> _Task to carry out_: Return exactly the span that opens with the line containing "this 1344×1512 image." and closes with the final line of the records, both included.

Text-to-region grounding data
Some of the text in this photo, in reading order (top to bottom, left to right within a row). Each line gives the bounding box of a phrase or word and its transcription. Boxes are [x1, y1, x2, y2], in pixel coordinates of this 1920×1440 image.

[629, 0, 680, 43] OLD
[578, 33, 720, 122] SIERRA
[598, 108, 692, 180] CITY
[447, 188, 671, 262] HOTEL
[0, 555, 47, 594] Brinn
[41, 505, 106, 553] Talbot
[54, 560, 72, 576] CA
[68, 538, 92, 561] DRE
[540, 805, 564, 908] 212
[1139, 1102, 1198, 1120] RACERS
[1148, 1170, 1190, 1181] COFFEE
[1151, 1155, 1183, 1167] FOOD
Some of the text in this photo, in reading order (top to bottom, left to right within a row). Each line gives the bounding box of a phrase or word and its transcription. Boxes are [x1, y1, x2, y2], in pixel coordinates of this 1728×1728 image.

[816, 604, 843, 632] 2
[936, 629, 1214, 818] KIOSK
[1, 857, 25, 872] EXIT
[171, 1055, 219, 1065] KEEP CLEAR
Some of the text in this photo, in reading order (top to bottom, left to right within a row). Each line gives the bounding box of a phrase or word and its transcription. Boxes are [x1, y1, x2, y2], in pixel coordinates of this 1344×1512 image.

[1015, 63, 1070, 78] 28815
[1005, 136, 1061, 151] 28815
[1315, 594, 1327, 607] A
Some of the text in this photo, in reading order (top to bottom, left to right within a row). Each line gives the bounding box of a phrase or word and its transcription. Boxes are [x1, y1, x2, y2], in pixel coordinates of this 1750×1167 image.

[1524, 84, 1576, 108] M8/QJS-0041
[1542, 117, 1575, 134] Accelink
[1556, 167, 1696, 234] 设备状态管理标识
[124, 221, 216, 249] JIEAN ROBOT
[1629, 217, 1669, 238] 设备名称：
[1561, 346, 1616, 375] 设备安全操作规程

> _Written response_:
Some of the text in this photo, in reading order (top to bottom, left to right within a row). Each line gives the bounding box of a phrase or word and its transcription. Boxes are [x1, y1, x2, y2], in pixel coordinates of this 1344×1512 image.

[1015, 63, 1070, 78] 28815
[1005, 136, 1061, 151] 28815
[1315, 594, 1327, 607] A
Some of the text in this photo, in reading order (top to bottom, left to right within a row). Each line gives the bounding box of a phrase or word and its transcription. Boxes are [x1, y1, x2, y2], in pixel coordinates of this 1750×1167 image.

[1524, 84, 1576, 108] M8/QJS-0041
[1542, 117, 1575, 134] Accelink
[1556, 167, 1696, 234] 设备状态管理标识
[124, 221, 216, 249] JIEAN ROBOT
[1629, 217, 1669, 238] 设备名称：
[1561, 346, 1616, 375] 设备安全操作规程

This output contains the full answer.